### [Exercise description]
Output the entries exactly as they appear. Pictures should not be included.

### [Source data]
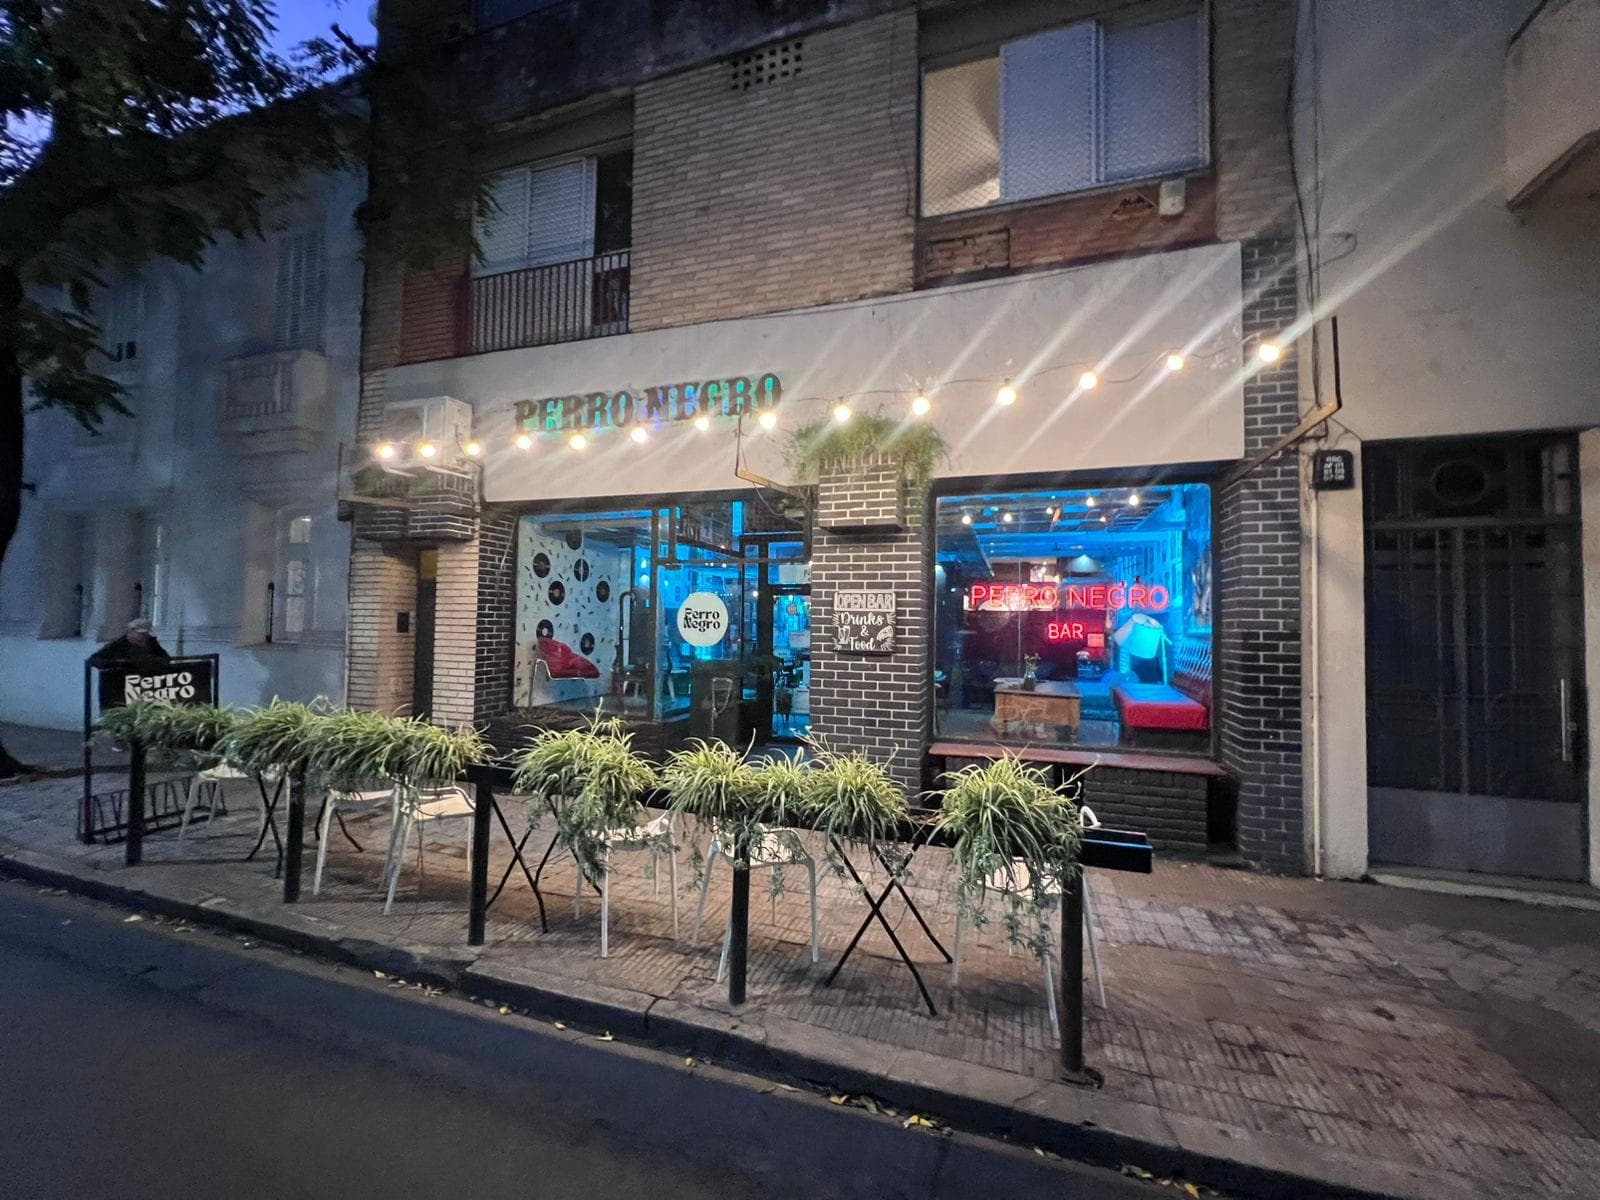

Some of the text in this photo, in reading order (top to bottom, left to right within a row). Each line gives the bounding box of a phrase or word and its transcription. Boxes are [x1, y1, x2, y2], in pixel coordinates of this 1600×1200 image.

[513, 372, 783, 430] PERRO NEGRO
[836, 593, 893, 610] OPEN BAR
[971, 584, 1169, 611] PERRO NEGRO
[684, 607, 720, 620] Perro
[841, 611, 885, 626] Drinks
[683, 616, 721, 632] Negro
[860, 624, 870, 637] &
[1047, 622, 1084, 640] BAR
[125, 671, 193, 690] Perro
[125, 685, 195, 706] Negro
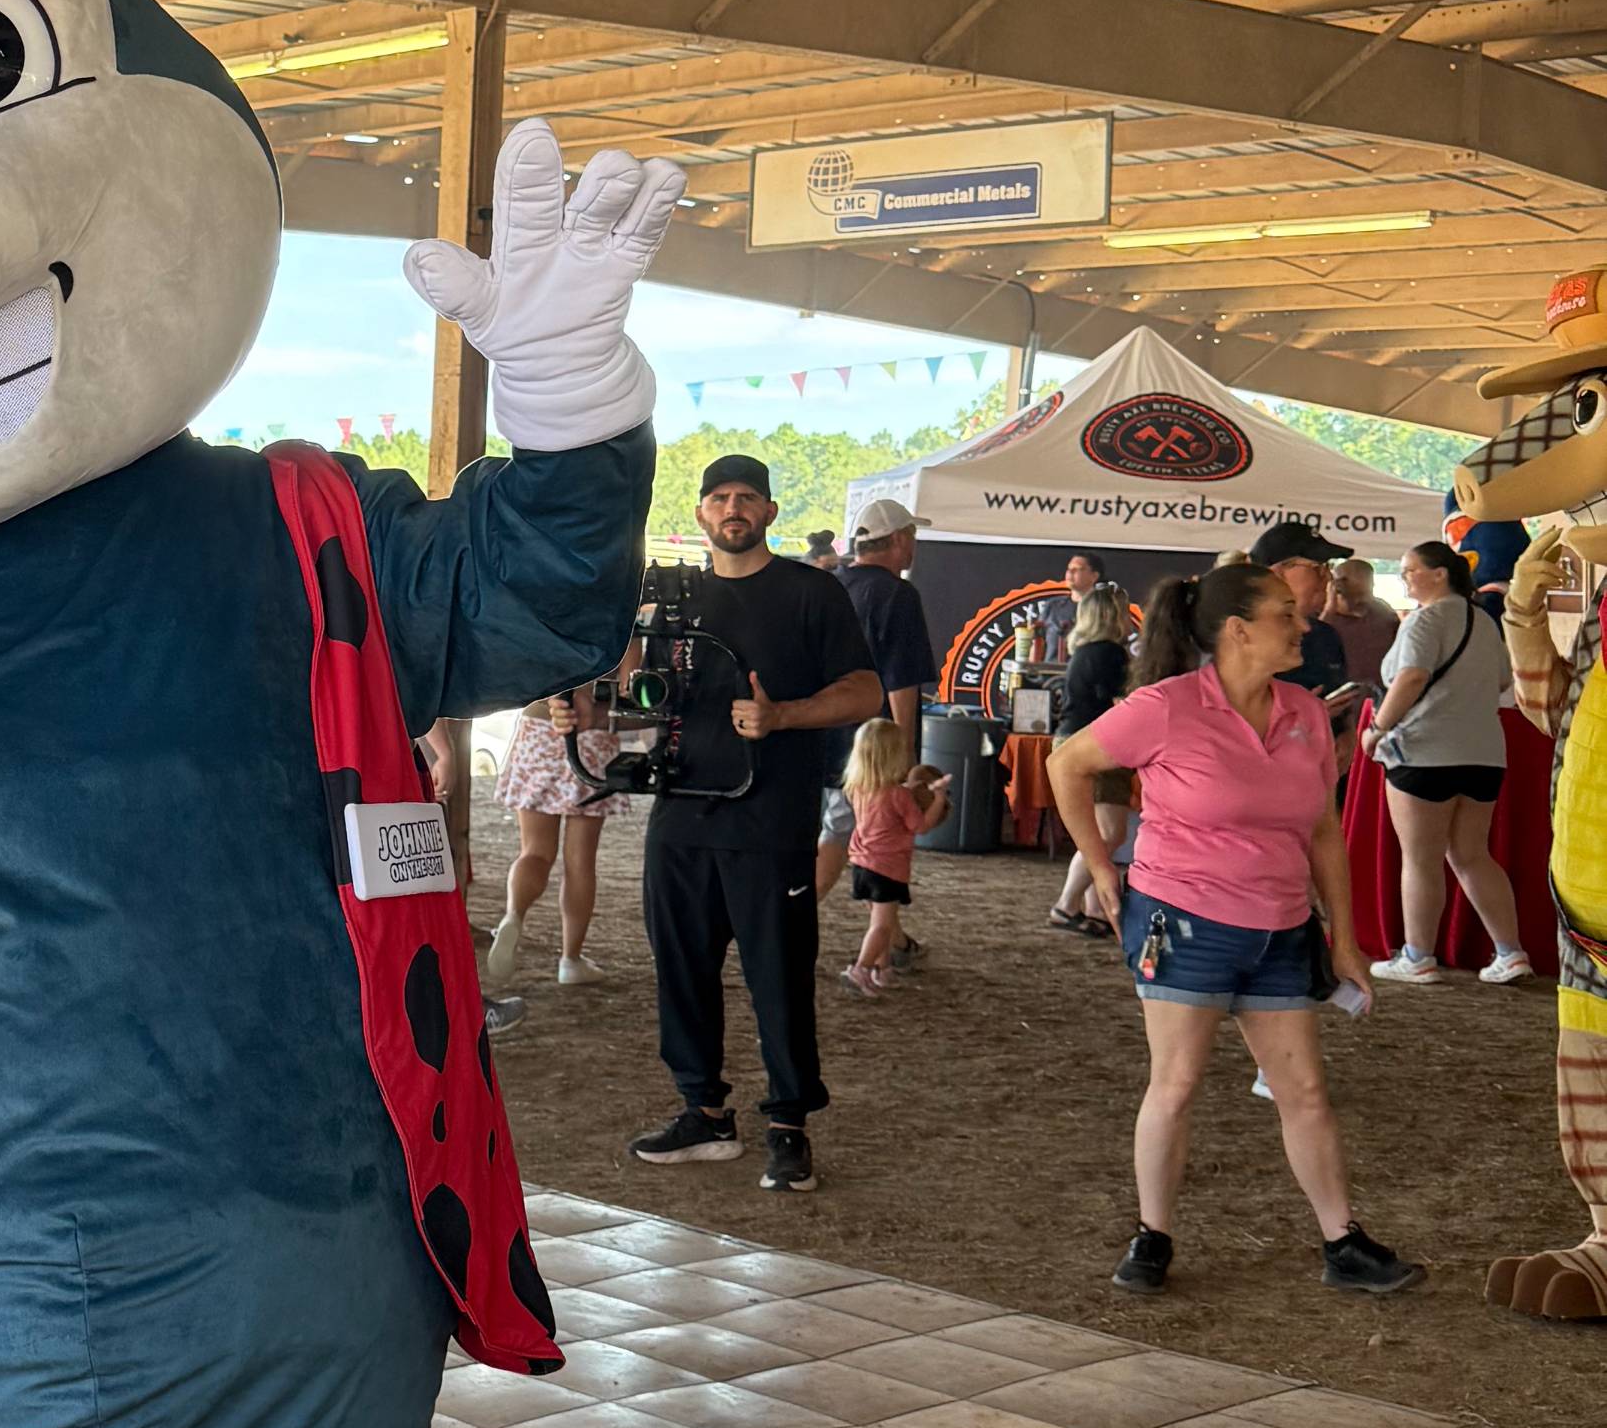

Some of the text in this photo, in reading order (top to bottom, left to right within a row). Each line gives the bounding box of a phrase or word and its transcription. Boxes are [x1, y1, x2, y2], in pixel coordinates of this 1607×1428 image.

[833, 183, 1032, 212] CMC Commercial Metals
[1152, 403, 1216, 430] BREWING
[984, 491, 1396, 534] www.rustyaxebrewing.com
[961, 623, 1005, 684] RUSTY
[379, 820, 444, 861] JOHNNIE
[390, 861, 409, 883] ON
[407, 857, 427, 880] THE

### [Solution to the exercise]
Some of the text in this photo, in reading order (top to bottom, left to right within a row). Each line gives the bounding box of a phrase or word and its transcription. Boxes are [x1, y1, x2, y2], in pixel coordinates of this 1600×1200 image.

[513, 372, 783, 430] PERRO NEGRO
[836, 593, 893, 610] OPEN BAR
[971, 584, 1169, 611] PERRO NEGRO
[684, 607, 720, 620] Perro
[841, 611, 885, 626] Drinks
[683, 616, 721, 632] Negro
[860, 624, 870, 637] &
[1047, 622, 1084, 640] BAR
[125, 671, 193, 690] Perro
[125, 685, 195, 706] Negro

Some of the text in this photo, in reading order (top to bottom, left to right within a row). Each line gives the bounding box of a phrase or word and its transcription. Boxes are [x1, y1, x2, y2], in pixel coordinates of this 1607×1428 image.

[833, 183, 1032, 212] CMC Commercial Metals
[1152, 403, 1216, 430] BREWING
[984, 491, 1396, 534] www.rustyaxebrewing.com
[961, 623, 1005, 684] RUSTY
[379, 820, 444, 861] JOHNNIE
[390, 861, 409, 883] ON
[407, 857, 427, 880] THE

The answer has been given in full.